8 Mar. 2021. A clinical trial is underway testing an immunotherapy for several types of stubborn solid tumor cancer, based on research in university labs. The trial began enrolling and dosing participants, testing the cancer therapy code-named CRX100 developed by BioEclipse Therapeutics in Mountain View, California, with a technology licensed from Stanford University Medical School.

CRX100 is BioEclipse Therapeutics’s lead product that combines two treatment mechanisms. The therapy harnesses cytokine-induced killer or CIK cells that are derived from T-cells and natural killer cells in the immune system with cytokine enzymes added. Combined with CIK cells are oncolytic viruses that infect and break down cancer cells, but not healthy cells. BioEclipse says CIK cells work in 48 to 72 hours, seeking out and binding to tumor cells, then releasing the cancer-killing oncolytic virus payloads.

The company says its technology produces a high ratio of effector to target cells, making it effective against large tumors as well as metastatic tumors. In addition, its treatments create a durable immune response helping prevent new tumor growth. And, says BioEclipse, CRX100 and its other therapies can be made from a patient’s own CIK cells or from donor cells, which are not rejected by patients’ immune systems.

Looking primarily for safety indicators

The early-stage clinical trial is enrolling 24 adults with advanced cases of six solid tumor cancers: triple negative breast cancer, a form of bone cancer called osteosarcoma, epithelial ovarian cancer, and colorectal, liver, and gastric cancer. The patients either have relapsing cancer, or have not responded to earlier treatments. Two sites are taking part, HonorHealth Research Institute in Scottsdale, Arizona and Moores Cancer Center at University of California in San Diego.

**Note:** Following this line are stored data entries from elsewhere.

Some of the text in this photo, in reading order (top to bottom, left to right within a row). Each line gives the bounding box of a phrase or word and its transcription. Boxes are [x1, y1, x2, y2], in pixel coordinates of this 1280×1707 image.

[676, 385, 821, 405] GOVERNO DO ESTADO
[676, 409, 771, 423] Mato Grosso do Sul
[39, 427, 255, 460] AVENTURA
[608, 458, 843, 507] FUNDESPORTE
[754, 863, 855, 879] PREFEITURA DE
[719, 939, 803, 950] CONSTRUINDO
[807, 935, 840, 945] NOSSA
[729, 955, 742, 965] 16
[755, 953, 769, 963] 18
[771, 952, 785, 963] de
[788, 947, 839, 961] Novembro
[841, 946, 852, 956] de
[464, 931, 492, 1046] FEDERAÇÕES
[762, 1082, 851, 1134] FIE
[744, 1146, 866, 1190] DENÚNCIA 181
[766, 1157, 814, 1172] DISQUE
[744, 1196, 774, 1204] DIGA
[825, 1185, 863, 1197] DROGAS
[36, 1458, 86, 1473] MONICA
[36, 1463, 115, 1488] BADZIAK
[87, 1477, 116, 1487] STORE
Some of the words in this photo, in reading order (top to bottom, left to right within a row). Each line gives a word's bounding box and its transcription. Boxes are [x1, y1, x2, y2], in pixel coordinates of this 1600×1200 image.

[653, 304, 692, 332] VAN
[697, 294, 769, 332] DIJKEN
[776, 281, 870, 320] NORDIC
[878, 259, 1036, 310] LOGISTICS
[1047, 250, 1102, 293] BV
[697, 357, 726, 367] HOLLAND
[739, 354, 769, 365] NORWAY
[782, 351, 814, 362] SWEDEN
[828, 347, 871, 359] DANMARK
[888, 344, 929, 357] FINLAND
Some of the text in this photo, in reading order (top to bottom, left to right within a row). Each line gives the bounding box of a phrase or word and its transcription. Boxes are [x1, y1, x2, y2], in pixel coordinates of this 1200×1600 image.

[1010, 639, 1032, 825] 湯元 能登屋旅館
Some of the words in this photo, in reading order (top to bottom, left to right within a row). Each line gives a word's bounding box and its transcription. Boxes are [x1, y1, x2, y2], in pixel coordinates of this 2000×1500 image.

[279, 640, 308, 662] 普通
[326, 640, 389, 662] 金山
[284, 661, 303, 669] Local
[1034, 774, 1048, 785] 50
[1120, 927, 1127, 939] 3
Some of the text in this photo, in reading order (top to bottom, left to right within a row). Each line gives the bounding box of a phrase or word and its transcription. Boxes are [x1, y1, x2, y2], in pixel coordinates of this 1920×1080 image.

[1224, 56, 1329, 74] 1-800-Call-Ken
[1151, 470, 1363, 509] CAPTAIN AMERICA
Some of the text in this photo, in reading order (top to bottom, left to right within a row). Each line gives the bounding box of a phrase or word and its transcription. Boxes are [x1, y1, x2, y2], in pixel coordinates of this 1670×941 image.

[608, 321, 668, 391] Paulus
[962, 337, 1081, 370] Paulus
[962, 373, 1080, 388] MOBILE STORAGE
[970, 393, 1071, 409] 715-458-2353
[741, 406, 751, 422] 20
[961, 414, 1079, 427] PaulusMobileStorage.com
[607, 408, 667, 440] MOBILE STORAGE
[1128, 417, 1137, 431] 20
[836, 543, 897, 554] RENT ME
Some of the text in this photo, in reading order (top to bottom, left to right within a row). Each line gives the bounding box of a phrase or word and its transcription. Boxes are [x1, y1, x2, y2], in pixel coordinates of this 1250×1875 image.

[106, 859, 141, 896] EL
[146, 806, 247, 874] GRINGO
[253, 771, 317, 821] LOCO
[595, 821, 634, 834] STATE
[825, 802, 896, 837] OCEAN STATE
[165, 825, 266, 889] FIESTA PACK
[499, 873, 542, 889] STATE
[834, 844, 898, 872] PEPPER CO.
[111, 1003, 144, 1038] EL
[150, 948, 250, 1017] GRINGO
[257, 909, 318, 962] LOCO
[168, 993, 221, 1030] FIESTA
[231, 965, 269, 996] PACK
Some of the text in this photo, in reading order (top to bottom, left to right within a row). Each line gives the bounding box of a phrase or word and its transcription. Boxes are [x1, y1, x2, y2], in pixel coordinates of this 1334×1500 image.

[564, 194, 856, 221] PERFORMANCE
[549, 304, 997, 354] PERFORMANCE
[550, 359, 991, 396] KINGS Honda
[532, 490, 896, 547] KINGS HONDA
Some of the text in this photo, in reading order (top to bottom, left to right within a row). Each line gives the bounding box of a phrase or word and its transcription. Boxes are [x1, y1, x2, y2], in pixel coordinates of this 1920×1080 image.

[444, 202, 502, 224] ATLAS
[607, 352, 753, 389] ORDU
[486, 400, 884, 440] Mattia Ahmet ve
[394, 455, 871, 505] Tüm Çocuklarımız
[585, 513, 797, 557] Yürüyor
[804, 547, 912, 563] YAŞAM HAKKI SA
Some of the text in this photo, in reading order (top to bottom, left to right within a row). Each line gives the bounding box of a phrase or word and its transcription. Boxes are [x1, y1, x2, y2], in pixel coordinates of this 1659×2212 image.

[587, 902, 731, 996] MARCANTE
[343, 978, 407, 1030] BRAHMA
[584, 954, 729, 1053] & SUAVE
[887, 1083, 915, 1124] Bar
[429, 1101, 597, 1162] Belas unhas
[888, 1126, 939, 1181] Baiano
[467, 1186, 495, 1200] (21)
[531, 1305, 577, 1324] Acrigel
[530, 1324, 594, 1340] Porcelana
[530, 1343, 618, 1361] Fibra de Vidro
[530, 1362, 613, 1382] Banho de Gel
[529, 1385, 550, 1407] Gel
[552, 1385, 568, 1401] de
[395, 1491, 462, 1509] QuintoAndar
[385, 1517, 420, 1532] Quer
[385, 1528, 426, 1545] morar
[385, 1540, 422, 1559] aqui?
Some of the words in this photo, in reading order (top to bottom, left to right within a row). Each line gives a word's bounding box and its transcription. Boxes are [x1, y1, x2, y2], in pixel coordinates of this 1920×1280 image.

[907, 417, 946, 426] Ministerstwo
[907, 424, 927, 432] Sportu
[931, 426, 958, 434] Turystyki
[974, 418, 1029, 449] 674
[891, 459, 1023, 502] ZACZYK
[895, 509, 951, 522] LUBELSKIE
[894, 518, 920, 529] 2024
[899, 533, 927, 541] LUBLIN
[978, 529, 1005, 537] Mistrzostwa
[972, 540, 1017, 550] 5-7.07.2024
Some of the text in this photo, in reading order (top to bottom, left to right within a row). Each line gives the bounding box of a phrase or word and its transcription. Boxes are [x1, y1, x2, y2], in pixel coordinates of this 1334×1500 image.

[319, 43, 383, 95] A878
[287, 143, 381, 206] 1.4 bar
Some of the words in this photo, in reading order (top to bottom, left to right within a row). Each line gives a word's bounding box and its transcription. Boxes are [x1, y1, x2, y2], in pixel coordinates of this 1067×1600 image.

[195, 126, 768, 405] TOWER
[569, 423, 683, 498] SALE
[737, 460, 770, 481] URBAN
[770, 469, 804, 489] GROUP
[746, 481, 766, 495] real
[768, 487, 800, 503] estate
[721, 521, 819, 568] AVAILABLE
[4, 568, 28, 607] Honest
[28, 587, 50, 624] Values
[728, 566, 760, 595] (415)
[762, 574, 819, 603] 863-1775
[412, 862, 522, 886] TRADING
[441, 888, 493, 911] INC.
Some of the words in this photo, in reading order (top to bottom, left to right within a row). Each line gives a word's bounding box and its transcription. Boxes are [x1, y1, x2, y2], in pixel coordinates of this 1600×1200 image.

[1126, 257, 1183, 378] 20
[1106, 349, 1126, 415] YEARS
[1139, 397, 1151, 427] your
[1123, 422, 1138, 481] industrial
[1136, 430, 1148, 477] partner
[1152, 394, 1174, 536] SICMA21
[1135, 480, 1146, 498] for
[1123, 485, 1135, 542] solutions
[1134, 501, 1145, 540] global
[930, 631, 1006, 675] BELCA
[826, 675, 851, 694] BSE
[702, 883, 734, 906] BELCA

The trial is testing the safety of CRX100, with the study team looking primarily for adverse reactions or toxicities from escalating doses of the treatments in the 28 days following infusion. However, the researchers are also tracking distribution of CRX100 in the body, immune response by patients, and any anti-tumor activity also within 28 days.

“CRX100 is a single therapeutic designed to attack multiple characteristics of numerous cancer types,” says Pamela Contag, president and CEO of BioEclipse Therapeutics in a company statement. “With this new approach, BioEclipse is poised to address the substantial and growing unmet need for treatment options for solid tumors and metastatic disease considered by many to be untreatable.”

“Refractory disease is challenging to treat,” adds Jasgit Sachdev, Director, breast and gynecological early phase clinical trials at HonorHealth Research Institute, and a principal investigator of the study. “Data from preclinical models assessing the treatment approached used by CRX100 suggest the potential to address several types of cancer and bring hope to patients with otherwise poor prognosis.”